Dr Elizabeth Milne's Publications\Journal Articles Journal ArticlesMILNE, E., SCOPE, A., PASCALIS, O., BUCKLEY, D., & Makeig, S. (2009). Independent Component Analysis Reveals Atypical Electroencephalographic Activity During Visual Perception in Individuals with Autism. Biological Psychiatry, 65, 22-30.
Background: Individuals with autistic spectrum disorder (ASD) experience atypical visual perception, yet the etiology of this remains unknown. The aim of this study was to investigate the neural correlates of visual perception in individuals with and without ASD by carrying out a detailed analysis of the dynamic brain processes elicited by perception of a simple visual stimulus.
Methods: We investigated perception in 20 individuals with ASD and 20 control subjects with electroencephalography (EEG). Visual evoked potentials elicited by Gabor patches of varying spatial frequency and stimulus-induced changes in α- and γ-frequency bands of independent components were compared in those with and without ASD.

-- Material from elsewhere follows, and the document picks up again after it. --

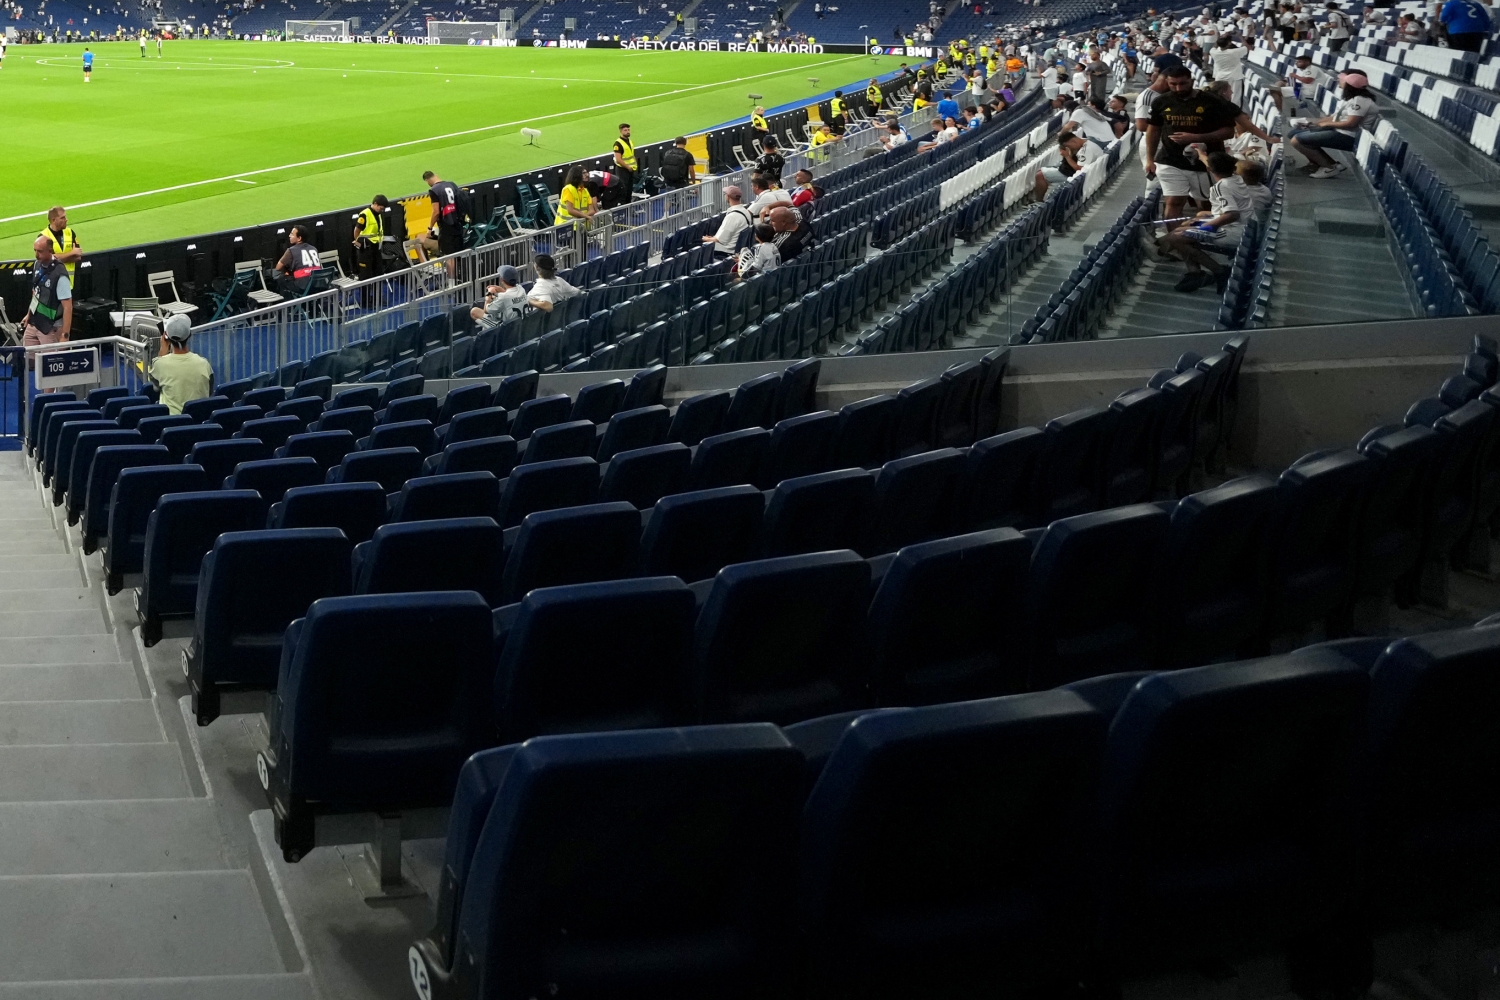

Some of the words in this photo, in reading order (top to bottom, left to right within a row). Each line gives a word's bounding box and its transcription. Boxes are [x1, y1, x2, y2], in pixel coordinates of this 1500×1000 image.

Results: By decomposing the EEG data into independent components, we identified several processes that contributed to the average event related potential recorded at the scalp. Differences between the ASD and control groups were found only in some of these processes. Specifically, in those components that were in or near the striate or extrastriate cortex, stimulus spatial frequency exerted a smaller effect on induced increases in α- and γ-band power, and time to peak α-band power was reduced, in the participants with ASD. Induced α-band power of components that were in or near the cingulate gyrus was increased in the participants with ASD, and the components that were in or near the parietal cortex did not differ between the two groups.
Conclusions: Atypical processing is evident in individuals with ASD during perception of simple visual stimuli. The implications of these data for existing theories of atypical perception in ASD are discussed.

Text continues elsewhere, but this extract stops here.